=== EXERCISE DIRECTIONS ===
Please retype the records below exactly as they stand.

▬▬▬▬▬▬▬▬▬▬

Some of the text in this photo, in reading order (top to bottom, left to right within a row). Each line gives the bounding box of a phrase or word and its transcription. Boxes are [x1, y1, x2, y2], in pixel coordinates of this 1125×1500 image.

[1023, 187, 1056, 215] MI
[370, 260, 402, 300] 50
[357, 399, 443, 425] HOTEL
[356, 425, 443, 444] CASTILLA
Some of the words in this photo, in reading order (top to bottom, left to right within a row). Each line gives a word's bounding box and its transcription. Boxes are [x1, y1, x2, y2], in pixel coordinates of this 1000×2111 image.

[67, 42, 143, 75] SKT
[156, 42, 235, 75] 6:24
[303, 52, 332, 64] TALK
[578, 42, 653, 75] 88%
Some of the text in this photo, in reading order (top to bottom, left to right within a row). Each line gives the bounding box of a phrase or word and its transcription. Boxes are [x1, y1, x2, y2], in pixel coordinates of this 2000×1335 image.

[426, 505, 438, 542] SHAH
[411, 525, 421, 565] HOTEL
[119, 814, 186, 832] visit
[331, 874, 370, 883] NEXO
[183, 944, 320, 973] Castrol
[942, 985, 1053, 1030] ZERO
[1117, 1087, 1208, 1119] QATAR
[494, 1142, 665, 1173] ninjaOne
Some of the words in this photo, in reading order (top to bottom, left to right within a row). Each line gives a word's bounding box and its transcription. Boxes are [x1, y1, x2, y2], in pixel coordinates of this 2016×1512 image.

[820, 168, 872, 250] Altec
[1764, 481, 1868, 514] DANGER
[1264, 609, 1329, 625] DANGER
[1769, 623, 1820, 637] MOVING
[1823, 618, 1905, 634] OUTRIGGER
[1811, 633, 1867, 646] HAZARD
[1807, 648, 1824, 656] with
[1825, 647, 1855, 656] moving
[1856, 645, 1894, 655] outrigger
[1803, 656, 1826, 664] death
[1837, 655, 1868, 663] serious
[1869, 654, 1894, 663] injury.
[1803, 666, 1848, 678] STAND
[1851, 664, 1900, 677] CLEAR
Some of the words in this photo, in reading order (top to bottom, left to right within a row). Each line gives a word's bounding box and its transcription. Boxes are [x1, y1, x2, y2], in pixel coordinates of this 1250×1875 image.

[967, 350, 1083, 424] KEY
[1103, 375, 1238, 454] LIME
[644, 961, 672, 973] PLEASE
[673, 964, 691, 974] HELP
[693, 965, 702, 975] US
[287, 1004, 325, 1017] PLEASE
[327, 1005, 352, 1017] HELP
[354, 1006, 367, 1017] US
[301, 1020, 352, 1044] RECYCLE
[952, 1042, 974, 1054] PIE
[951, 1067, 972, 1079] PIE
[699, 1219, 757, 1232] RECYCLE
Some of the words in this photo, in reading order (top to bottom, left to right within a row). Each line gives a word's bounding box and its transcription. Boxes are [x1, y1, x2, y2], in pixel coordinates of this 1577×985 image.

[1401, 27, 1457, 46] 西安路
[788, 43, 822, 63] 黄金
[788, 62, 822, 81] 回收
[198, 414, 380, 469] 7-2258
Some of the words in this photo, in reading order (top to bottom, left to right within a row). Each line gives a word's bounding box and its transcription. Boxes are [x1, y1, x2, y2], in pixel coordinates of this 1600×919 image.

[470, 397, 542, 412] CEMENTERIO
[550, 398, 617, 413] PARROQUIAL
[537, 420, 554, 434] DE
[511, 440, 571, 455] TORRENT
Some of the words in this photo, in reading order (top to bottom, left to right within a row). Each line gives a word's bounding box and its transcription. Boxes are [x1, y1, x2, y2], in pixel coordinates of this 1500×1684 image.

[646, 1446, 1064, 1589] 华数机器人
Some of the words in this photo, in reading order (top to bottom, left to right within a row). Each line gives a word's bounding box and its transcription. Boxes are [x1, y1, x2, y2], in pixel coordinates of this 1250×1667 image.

▬▬▬▬▬▬▬▬▬▬

=== EXPECTED ANSWER ===
Some of the text in this photo, in reading order (top to bottom, left to right within a row). Each line gives the bounding box of a phrase or word and its transcription. Boxes are [x1, y1, x2, y2], in pixel coordinates of this 1125×1500 image.

[1023, 187, 1056, 215] MI
[370, 260, 402, 300] 50
[357, 399, 443, 425] HOTEL
[356, 425, 443, 444] CASTILLA
Some of the words in this photo, in reading order (top to bottom, left to right within a row). Each line gives a word's bounding box and its transcription. Boxes are [x1, y1, x2, y2], in pixel coordinates of this 1000×2111 image.

[67, 42, 143, 75] SKT
[156, 42, 235, 75] 6:24
[303, 52, 332, 64] TALK
[578, 42, 653, 75] 88%
Some of the text in this photo, in reading order (top to bottom, left to right within a row). Each line gives the bounding box of a phrase or word and its transcription. Boxes are [x1, y1, x2, y2], in pixel coordinates of this 2000×1335 image.

[426, 505, 438, 542] SHAH
[411, 525, 421, 565] HOTEL
[119, 814, 186, 832] visit
[331, 874, 370, 883] NEXO
[183, 944, 320, 973] Castrol
[942, 985, 1053, 1030] ZERO
[1117, 1087, 1208, 1119] QATAR
[494, 1142, 665, 1173] ninjaOne
Some of the words in this photo, in reading order (top to bottom, left to right within a row). Each line gives a word's bounding box and its transcription. Boxes are [x1, y1, x2, y2], in pixel coordinates of this 2016×1512 image.

[820, 168, 872, 250] Altec
[1764, 481, 1868, 514] DANGER
[1264, 609, 1329, 625] DANGER
[1769, 623, 1820, 637] MOVING
[1823, 618, 1905, 634] OUTRIGGER
[1811, 633, 1867, 646] HAZARD
[1807, 648, 1824, 656] with
[1825, 647, 1855, 656] moving
[1856, 645, 1894, 655] outrigger
[1803, 656, 1826, 664] death
[1837, 655, 1868, 663] serious
[1869, 654, 1894, 663] injury.
[1803, 666, 1848, 678] STAND
[1851, 664, 1900, 677] CLEAR
Some of the words in this photo, in reading order (top to bottom, left to right within a row). Each line gives a word's bounding box and its transcription. Boxes are [x1, y1, x2, y2], in pixel coordinates of this 1250×1875 image.

[967, 350, 1083, 424] KEY
[1103, 375, 1238, 454] LIME
[644, 961, 672, 973] PLEASE
[673, 964, 691, 974] HELP
[693, 965, 702, 975] US
[287, 1004, 325, 1017] PLEASE
[327, 1005, 352, 1017] HELP
[354, 1006, 367, 1017] US
[301, 1020, 352, 1044] RECYCLE
[952, 1042, 974, 1054] PIE
[951, 1067, 972, 1079] PIE
[699, 1219, 757, 1232] RECYCLE
Some of the words in this photo, in reading order (top to bottom, left to right within a row). Each line gives a word's bounding box and its transcription. Boxes are [x1, y1, x2, y2], in pixel coordinates of this 1577×985 image.

[1401, 27, 1457, 46] 西安路
[788, 43, 822, 63] 黄金
[788, 62, 822, 81] 回收
[198, 414, 380, 469] 7-2258
Some of the words in this photo, in reading order (top to bottom, left to right within a row). Each line gives a word's bounding box and its transcription. Boxes are [x1, y1, x2, y2], in pixel coordinates of this 1600×919 image.

[470, 397, 542, 412] CEMENTERIO
[550, 398, 617, 413] PARROQUIAL
[537, 420, 554, 434] DE
[511, 440, 571, 455] TORRENT
Some of the words in this photo, in reading order (top to bottom, left to right within a row). Each line gives a word's bounding box and its transcription. Boxes are [x1, y1, x2, y2], in pixel coordinates of this 1500×1684 image.

[646, 1446, 1064, 1589] 华数机器人
Some of the words in this photo, in reading order (top to bottom, left to right within a row). Each line gives a word's bounding box and its transcription. Boxes are [x1, y1, x2, y2], in pixel coordinates of this 1250×1667 image.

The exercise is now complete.